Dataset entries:
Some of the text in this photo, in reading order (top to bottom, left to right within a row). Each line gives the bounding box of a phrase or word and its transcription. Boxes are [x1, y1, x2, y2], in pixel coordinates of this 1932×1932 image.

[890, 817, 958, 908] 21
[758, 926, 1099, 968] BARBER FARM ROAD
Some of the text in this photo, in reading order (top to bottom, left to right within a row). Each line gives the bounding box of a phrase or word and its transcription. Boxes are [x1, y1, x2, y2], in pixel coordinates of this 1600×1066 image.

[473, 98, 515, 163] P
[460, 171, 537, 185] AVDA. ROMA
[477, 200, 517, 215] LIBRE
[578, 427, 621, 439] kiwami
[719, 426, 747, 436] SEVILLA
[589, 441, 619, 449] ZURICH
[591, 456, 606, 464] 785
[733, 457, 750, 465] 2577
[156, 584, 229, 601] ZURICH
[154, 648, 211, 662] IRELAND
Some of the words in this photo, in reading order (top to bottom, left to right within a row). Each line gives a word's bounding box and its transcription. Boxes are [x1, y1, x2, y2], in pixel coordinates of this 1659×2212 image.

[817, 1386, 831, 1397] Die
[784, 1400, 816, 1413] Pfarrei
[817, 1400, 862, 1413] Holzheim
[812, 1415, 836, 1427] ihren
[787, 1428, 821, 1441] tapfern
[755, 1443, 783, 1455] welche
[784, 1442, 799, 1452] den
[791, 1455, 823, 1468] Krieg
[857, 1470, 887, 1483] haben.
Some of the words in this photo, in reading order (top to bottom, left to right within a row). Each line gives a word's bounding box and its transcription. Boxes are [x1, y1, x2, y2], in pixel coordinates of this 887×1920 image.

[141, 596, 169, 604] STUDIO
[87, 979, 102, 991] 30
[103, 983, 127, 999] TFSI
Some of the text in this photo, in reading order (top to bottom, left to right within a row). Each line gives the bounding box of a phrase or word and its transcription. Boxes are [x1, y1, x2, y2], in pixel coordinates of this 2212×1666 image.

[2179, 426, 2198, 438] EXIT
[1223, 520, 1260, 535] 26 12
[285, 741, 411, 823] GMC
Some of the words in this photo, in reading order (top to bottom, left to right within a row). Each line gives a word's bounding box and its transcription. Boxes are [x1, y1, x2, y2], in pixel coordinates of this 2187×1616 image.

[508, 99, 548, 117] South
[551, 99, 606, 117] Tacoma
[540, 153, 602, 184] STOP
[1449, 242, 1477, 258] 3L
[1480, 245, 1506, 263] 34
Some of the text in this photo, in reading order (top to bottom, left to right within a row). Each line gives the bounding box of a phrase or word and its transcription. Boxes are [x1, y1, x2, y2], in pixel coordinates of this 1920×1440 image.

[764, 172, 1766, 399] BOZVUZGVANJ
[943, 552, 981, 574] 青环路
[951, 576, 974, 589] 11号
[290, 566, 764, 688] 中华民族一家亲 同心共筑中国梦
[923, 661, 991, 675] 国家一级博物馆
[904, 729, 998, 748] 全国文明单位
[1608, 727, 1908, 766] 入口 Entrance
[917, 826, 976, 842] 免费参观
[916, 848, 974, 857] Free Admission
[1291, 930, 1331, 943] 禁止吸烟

WHAT THIS TASK INVOLVES: Every line from the one containing "this 1920×1440 image." through the final line of the data above is to be restated word for word, and nothing more.

ANSWER TO THE PROBLEM:
Some of the text in this photo, in reading order (top to bottom, left to right within a row). Each line gives the bounding box of a phrase or word and its transcription. Boxes are [x1, y1, x2, y2], in pixel coordinates of this 1920×1440 image.

[764, 172, 1766, 399] BOZVUZGVANJ
[943, 552, 981, 574] 青环路
[951, 576, 974, 589] 11号
[290, 566, 764, 688] 中华民族一家亲 同心共筑中国梦
[923, 661, 991, 675] 国家一级博物馆
[904, 729, 998, 748] 全国文明单位
[1608, 727, 1908, 766] 入口 Entrance
[917, 826, 976, 842] 免费参观
[916, 848, 974, 857] Free Admission
[1291, 930, 1331, 943] 禁止吸烟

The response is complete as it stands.